(i) Ahim’sa’: Not to inflict pain or hurt on anybody by thought, word or action, is Ahim’sa’.
(ii) Satya: The benevolent use of mind and words is Satya.
(iii) Asteya: To renounce the desire to acquire or retain the wealth of others is Asteya. Asteya means ” non-stealing.”
(iv) Brahmacarya: To keep the mind always absorbed in Brahma is Brahmacarya.
(v) Aparigraha: To renounce everything excepting the necessities for the maintenance of the body is known as Aparigraha.
(i) Shaoca is of two kinds — purity of the body and of the mind. The methods for mental purity are kindliness towards all creatures, charity, working for the welfare of others and being dutiful.
(ii) Santos’a Contentment with things received unasked-for is santos’a. It is essential to try to be cheerful always.

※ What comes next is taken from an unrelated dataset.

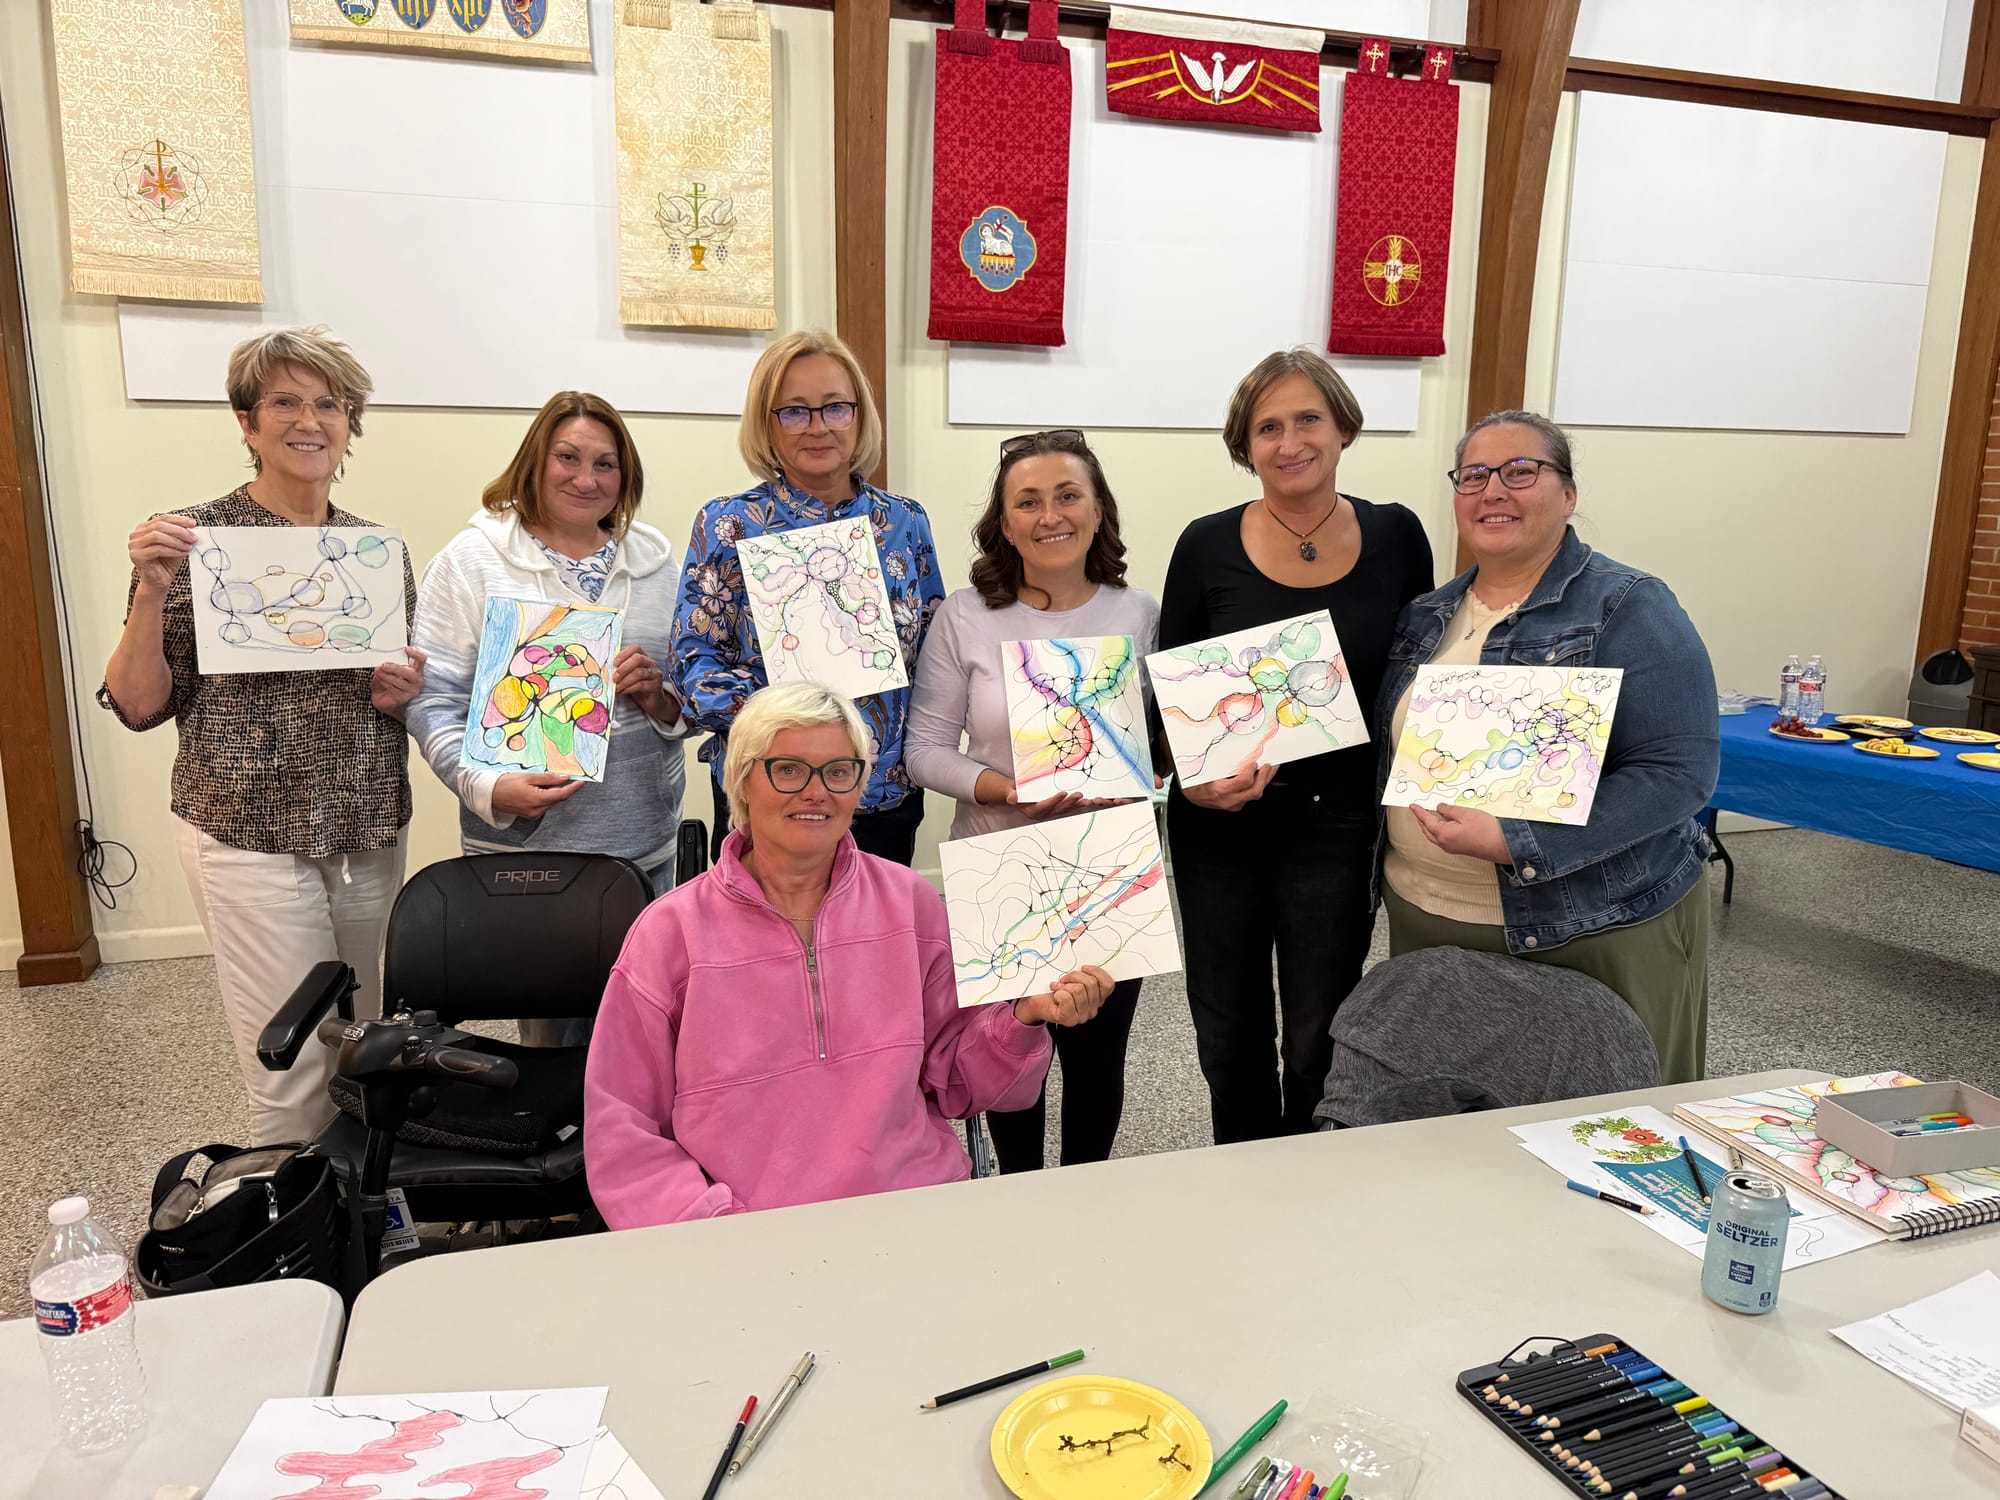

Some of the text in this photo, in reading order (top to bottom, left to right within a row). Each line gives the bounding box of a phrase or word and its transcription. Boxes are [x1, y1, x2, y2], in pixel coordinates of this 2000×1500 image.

[1385, 264, 1402, 277] IHC
[495, 870, 561, 883] PRIDE
[1715, 1222, 1778, 1248] SELTZER
[1725, 1220, 1770, 1237] ORIGINAL

(iii) Tapah: To undergo physical hardship to attain the objective is known as Tapah. Upava’sa (fasting), serving the guru (preceptor), serving father and mother, and the four types of yajina, namely. pitr yajina, nr yajina, bhu’ta yajina and adhya’tma yajina (service to ancestors, to humanity, to lower beings and to Consciousness), are the other limbs of tapah. For students, study is the main tapah.

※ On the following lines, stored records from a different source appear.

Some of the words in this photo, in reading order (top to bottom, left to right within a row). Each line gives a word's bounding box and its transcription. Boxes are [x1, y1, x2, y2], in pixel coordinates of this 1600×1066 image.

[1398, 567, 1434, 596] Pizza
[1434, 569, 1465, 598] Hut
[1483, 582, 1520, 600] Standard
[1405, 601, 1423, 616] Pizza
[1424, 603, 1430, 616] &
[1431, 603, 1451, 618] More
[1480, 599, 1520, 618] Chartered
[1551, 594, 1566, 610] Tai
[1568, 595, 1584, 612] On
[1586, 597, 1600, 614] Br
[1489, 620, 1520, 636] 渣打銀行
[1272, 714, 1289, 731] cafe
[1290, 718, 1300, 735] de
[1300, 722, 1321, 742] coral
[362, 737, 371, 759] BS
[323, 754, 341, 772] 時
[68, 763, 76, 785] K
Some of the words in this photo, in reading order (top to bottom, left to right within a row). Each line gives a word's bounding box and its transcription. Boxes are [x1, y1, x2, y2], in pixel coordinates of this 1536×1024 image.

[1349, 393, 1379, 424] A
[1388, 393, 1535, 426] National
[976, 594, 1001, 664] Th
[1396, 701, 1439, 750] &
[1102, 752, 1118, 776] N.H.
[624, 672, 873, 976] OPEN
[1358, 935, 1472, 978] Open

(iv) Sva’dhya’ya: The study, with proper understanding, of scriptures and philosophical books is sva’dhya’ya. The philosophical books and scriptures of Ananda Marga are A’nanda Su’tram and Subha’s’ita Sam’graha (all parts), respectively. Sva’dhya’ya is also done by attending dharmacakra (group meditation) regularly and having satsaunga (spiritual company), but this kind of sva’dhya’ya is intended only for those who are not capable of studying in the above manner.
(v) Iishvara pran’idha’na: This is to have firm faith in Iishvara (the Cosmic Controller) in pleasure and pain, prosperity and adversity, and to think of oneself as the instrument, and not the wielder of the instrument, in all the affairs of life.